If you’re self-employed and looking to purchase or refinance a home, one of the biggest challenges you may face is to prove to a lender that you have enough income to qualify for a new loan.
Most lenders determine qualifying income for self-employed borrowers by averaging the Adjusted Gross Income (AGI) reported on your two most recent federal tax returns.
One of the main benefits of being self-employed is the ability to minimize your tax liability by deducting certain expenses. Naturally, any reduction in your tax liability also reduces your AGI. Depending on the amount of income being reported, this might not cause any issues. If, however, a two-year AGI average is limiting your financing options, we offer several alternative solutions for self-employed borrowers:
- One Year Tax Returns: Loan programs that allow for the review of the AGI from one year rather than a 24-month average.

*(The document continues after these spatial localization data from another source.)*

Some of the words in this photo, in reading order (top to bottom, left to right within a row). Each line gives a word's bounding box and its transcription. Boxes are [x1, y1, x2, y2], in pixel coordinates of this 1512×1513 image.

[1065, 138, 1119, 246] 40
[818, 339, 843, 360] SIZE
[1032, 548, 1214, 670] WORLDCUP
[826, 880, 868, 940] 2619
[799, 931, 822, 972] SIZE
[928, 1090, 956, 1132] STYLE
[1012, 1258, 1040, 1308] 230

- Bank Statements: Loan programs that calculate income based on the net monthly deposits of the personal and business bank statements of a self-employed borrower.

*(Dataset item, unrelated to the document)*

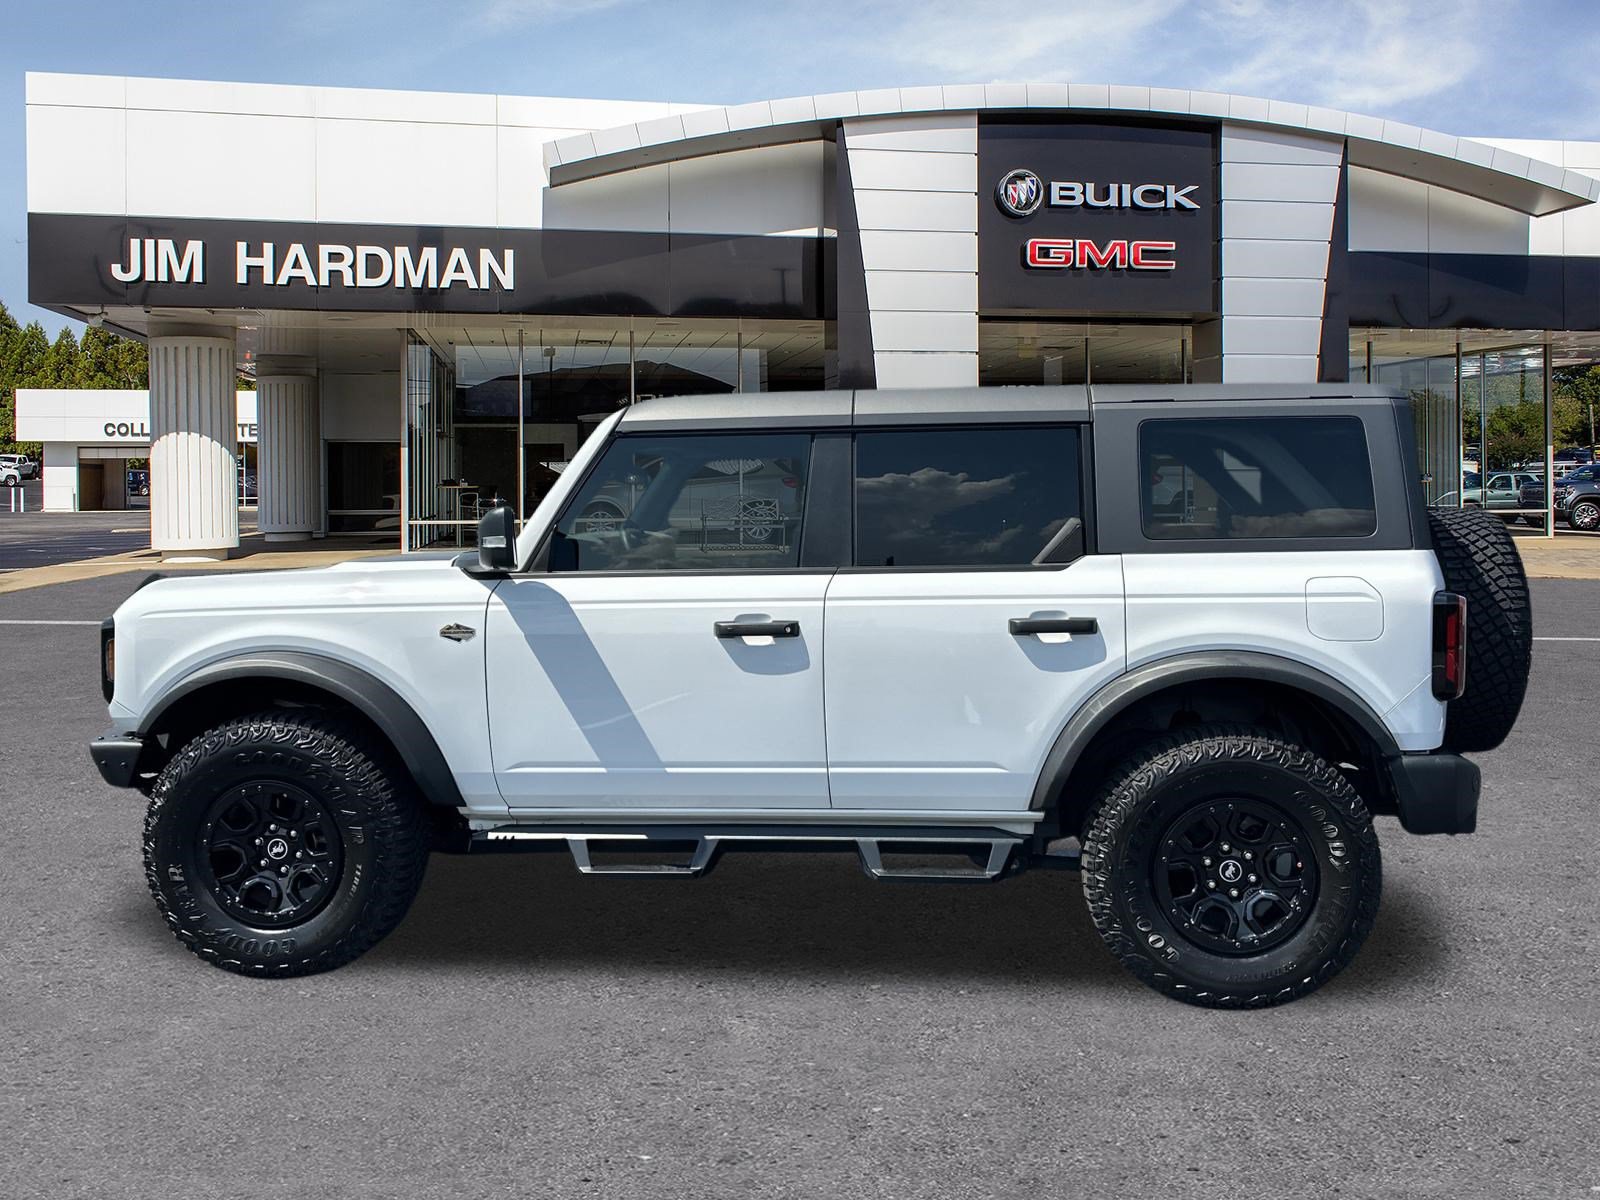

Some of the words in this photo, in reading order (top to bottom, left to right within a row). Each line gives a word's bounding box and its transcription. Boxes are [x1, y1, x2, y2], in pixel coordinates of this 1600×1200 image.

[1050, 181, 1201, 209] BUICK
[111, 237, 205, 284] JIM
[236, 241, 515, 291] HARDMAN
[1026, 238, 1176, 271] GMC

- Stated Income: Stated Income programs are available for self-employed borrowers. These programs typically require a significant down payment (around 30%) and a minimum of $250,000 held in non-retirement cash assets (unless of retirement age) after close of escrow.
Both the Stated Income programs and the Bank Statement programs are excellent options to help self-employed borrowers qualify for the maximum amount of loan when the traditional two-year AGI average is not an accurate representation of of income.